Set down each entry from the block beneath, exactly as written.

BEGIN INPUT DATA

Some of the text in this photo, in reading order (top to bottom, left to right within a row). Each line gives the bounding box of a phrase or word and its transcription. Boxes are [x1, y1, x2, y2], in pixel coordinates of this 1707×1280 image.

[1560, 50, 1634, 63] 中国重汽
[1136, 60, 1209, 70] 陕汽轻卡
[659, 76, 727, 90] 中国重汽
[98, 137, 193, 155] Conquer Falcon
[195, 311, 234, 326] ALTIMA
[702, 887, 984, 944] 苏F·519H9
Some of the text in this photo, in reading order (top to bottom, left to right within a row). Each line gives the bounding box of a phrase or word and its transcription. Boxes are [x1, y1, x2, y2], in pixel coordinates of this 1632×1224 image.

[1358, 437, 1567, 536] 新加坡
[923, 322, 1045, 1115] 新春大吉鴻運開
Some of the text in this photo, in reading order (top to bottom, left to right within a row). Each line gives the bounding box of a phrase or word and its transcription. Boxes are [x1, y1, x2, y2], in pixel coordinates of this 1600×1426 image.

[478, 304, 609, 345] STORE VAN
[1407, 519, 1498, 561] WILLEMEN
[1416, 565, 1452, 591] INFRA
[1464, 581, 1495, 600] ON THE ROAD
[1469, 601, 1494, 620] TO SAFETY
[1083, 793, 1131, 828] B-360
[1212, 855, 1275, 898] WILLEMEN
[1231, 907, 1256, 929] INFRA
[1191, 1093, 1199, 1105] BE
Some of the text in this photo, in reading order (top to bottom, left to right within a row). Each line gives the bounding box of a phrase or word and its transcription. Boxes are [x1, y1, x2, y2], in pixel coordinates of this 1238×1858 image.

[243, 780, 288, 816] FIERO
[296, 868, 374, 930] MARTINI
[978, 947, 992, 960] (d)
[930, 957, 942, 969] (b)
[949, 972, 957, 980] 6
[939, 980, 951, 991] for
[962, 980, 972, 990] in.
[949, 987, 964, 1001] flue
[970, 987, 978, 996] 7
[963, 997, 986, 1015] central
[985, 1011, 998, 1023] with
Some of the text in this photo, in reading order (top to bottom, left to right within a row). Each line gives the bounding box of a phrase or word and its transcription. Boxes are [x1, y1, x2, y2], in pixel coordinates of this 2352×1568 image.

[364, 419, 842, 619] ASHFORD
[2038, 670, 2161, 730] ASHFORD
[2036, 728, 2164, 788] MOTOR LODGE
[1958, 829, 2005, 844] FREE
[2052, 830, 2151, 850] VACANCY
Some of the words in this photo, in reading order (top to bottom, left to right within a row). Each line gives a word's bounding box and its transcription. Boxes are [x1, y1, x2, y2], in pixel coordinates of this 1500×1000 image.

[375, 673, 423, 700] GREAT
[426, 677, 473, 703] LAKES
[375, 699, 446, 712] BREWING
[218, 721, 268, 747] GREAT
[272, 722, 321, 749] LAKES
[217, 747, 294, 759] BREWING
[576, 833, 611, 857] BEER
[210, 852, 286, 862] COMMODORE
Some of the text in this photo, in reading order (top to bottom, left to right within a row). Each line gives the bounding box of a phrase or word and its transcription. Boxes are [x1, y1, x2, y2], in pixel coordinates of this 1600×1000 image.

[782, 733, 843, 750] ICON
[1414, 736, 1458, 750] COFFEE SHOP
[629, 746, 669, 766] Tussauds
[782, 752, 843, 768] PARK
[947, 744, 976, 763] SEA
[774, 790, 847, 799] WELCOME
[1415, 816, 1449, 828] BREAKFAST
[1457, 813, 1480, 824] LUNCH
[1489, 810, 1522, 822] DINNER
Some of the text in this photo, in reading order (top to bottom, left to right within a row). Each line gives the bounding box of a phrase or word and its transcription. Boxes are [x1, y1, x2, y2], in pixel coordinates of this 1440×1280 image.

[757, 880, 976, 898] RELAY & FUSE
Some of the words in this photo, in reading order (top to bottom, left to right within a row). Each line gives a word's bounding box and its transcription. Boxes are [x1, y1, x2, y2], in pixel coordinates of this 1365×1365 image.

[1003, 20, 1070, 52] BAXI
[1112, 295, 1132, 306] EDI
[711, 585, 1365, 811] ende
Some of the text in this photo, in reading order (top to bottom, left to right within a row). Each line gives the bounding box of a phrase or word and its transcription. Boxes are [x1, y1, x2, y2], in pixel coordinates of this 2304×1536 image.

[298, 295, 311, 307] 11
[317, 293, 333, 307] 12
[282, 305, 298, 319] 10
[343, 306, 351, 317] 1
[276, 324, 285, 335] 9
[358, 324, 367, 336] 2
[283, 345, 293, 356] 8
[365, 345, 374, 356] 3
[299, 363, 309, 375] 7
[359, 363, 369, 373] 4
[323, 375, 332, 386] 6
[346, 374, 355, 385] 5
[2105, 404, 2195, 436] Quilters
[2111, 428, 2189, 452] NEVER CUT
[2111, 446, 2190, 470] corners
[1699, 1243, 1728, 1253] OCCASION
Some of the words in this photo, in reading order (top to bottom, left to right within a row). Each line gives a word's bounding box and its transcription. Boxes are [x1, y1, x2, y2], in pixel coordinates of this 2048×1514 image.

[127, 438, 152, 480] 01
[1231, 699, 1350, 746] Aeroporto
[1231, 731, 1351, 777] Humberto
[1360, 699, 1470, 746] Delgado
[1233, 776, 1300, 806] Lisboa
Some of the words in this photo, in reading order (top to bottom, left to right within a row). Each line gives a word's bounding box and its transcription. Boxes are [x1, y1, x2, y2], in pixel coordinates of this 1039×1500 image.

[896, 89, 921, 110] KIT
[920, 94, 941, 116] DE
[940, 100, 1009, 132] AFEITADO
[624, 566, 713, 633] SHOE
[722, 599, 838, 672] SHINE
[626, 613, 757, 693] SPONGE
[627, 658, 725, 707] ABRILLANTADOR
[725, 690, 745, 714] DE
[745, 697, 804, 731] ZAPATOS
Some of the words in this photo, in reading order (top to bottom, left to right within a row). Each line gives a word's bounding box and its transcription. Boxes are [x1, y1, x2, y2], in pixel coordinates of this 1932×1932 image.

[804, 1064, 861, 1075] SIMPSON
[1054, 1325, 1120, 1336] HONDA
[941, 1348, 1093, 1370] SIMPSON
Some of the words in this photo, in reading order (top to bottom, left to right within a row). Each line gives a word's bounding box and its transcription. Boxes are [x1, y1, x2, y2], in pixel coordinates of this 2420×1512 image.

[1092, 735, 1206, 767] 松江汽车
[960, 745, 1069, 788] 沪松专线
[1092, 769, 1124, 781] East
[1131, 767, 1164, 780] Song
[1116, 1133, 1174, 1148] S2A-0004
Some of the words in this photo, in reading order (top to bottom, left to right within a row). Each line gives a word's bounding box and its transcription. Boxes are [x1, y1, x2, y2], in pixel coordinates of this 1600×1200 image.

END INPUT DATA

● **OUTPUT**
Some of the text in this photo, in reading order (top to bottom, left to right within a row). Each line gives the bounding box of a phrase or word and its transcription. Boxes are [x1, y1, x2, y2], in pixel coordinates of this 1707×1280 image.

[1560, 50, 1634, 63] 中国重汽
[1136, 60, 1209, 70] 陕汽轻卡
[659, 76, 727, 90] 中国重汽
[98, 137, 193, 155] Conquer Falcon
[195, 311, 234, 326] ALTIMA
[702, 887, 984, 944] 苏F·519H9
Some of the text in this photo, in reading order (top to bottom, left to right within a row). Each line gives the bounding box of a phrase or word and its transcription. Boxes are [x1, y1, x2, y2], in pixel coordinates of this 1632×1224 image.

[1358, 437, 1567, 536] 新加坡
[923, 322, 1045, 1115] 新春大吉鴻運開
Some of the text in this photo, in reading order (top to bottom, left to right within a row). Each line gives the bounding box of a phrase or word and its transcription. Boxes are [x1, y1, x2, y2], in pixel coordinates of this 1600×1426 image.

[478, 304, 609, 345] STORE VAN
[1407, 519, 1498, 561] WILLEMEN
[1416, 565, 1452, 591] INFRA
[1464, 581, 1495, 600] ON THE ROAD
[1469, 601, 1494, 620] TO SAFETY
[1083, 793, 1131, 828] B-360
[1212, 855, 1275, 898] WILLEMEN
[1231, 907, 1256, 929] INFRA
[1191, 1093, 1199, 1105] BE
Some of the text in this photo, in reading order (top to bottom, left to right within a row). Each line gives the bounding box of a phrase or word and its transcription. Boxes are [x1, y1, x2, y2], in pixel coordinates of this 1238×1858 image.

[243, 780, 288, 816] FIERO
[296, 868, 374, 930] MARTINI
[978, 947, 992, 960] (d)
[930, 957, 942, 969] (b)
[949, 972, 957, 980] 6
[939, 980, 951, 991] for
[962, 980, 972, 990] in.
[949, 987, 964, 1001] flue
[970, 987, 978, 996] 7
[963, 997, 986, 1015] central
[985, 1011, 998, 1023] with
Some of the text in this photo, in reading order (top to bottom, left to right within a row). Each line gives the bounding box of a phrase or word and its transcription. Boxes are [x1, y1, x2, y2], in pixel coordinates of this 2352×1568 image.

[364, 419, 842, 619] ASHFORD
[2038, 670, 2161, 730] ASHFORD
[2036, 728, 2164, 788] MOTOR LODGE
[1958, 829, 2005, 844] FREE
[2052, 830, 2151, 850] VACANCY
Some of the words in this photo, in reading order (top to bottom, left to right within a row). Each line gives a word's bounding box and its transcription. Boxes are [x1, y1, x2, y2], in pixel coordinates of this 1500×1000 image.

[375, 673, 423, 700] GREAT
[426, 677, 473, 703] LAKES
[375, 699, 446, 712] BREWING
[218, 721, 268, 747] GREAT
[272, 722, 321, 749] LAKES
[217, 747, 294, 759] BREWING
[576, 833, 611, 857] BEER
[210, 852, 286, 862] COMMODORE
Some of the text in this photo, in reading order (top to bottom, left to right within a row). Each line gives the bounding box of a phrase or word and its transcription. Boxes are [x1, y1, x2, y2], in pixel coordinates of this 1600×1000 image.

[782, 733, 843, 750] ICON
[1414, 736, 1458, 750] COFFEE SHOP
[629, 746, 669, 766] Tussauds
[782, 752, 843, 768] PARK
[947, 744, 976, 763] SEA
[774, 790, 847, 799] WELCOME
[1415, 816, 1449, 828] BREAKFAST
[1457, 813, 1480, 824] LUNCH
[1489, 810, 1522, 822] DINNER
Some of the text in this photo, in reading order (top to bottom, left to right within a row). Each line gives the bounding box of a phrase or word and its transcription. Boxes are [x1, y1, x2, y2], in pixel coordinates of this 1440×1280 image.

[757, 880, 976, 898] RELAY & FUSE
Some of the words in this photo, in reading order (top to bottom, left to right within a row). Each line gives a word's bounding box and its transcription. Boxes are [x1, y1, x2, y2], in pixel coordinates of this 1365×1365 image.

[1003, 20, 1070, 52] BAXI
[1112, 295, 1132, 306] EDI
[711, 585, 1365, 811] ende
Some of the text in this photo, in reading order (top to bottom, left to right within a row). Each line gives the bounding box of a phrase or word and its transcription. Boxes are [x1, y1, x2, y2], in pixel coordinates of this 2304×1536 image.

[298, 295, 311, 307] 11
[317, 293, 333, 307] 12
[282, 305, 298, 319] 10
[343, 306, 351, 317] 1
[276, 324, 285, 335] 9
[358, 324, 367, 336] 2
[283, 345, 293, 356] 8
[365, 345, 374, 356] 3
[299, 363, 309, 375] 7
[359, 363, 369, 373] 4
[323, 375, 332, 386] 6
[346, 374, 355, 385] 5
[2105, 404, 2195, 436] Quilters
[2111, 428, 2189, 452] NEVER CUT
[2111, 446, 2190, 470] corners
[1699, 1243, 1728, 1253] OCCASION
Some of the words in this photo, in reading order (top to bottom, left to right within a row). Each line gives a word's bounding box and its transcription. Boxes are [x1, y1, x2, y2], in pixel coordinates of this 2048×1514 image.

[127, 438, 152, 480] 01
[1231, 699, 1350, 746] Aeroporto
[1231, 731, 1351, 777] Humberto
[1360, 699, 1470, 746] Delgado
[1233, 776, 1300, 806] Lisboa
Some of the words in this photo, in reading order (top to bottom, left to right within a row). Each line gives a word's bounding box and its transcription. Boxes are [x1, y1, x2, y2], in pixel coordinates of this 1039×1500 image.

[896, 89, 921, 110] KIT
[920, 94, 941, 116] DE
[940, 100, 1009, 132] AFEITADO
[624, 566, 713, 633] SHOE
[722, 599, 838, 672] SHINE
[626, 613, 757, 693] SPONGE
[627, 658, 725, 707] ABRILLANTADOR
[725, 690, 745, 714] DE
[745, 697, 804, 731] ZAPATOS
Some of the words in this photo, in reading order (top to bottom, left to right within a row). Each line gives a word's bounding box and its transcription. Boxes are [x1, y1, x2, y2], in pixel coordinates of this 1932×1932 image.

[804, 1064, 861, 1075] SIMPSON
[1054, 1325, 1120, 1336] HONDA
[941, 1348, 1093, 1370] SIMPSON
Some of the words in this photo, in reading order (top to bottom, left to right within a row). Each line gives a word's bounding box and its transcription. Boxes are [x1, y1, x2, y2], in pixel coordinates of this 2420×1512 image.

[1092, 735, 1206, 767] 松江汽车
[960, 745, 1069, 788] 沪松专线
[1092, 769, 1124, 781] East
[1131, 767, 1164, 780] Song
[1116, 1133, 1174, 1148] S2A-0004
Some of the words in this photo, in reading order (top to bottom, left to right within a row). Each line gives a word's bounding box and its transcription. Boxes are [x1, y1, x2, y2], in pixel coordinates of this 1600×1200 image.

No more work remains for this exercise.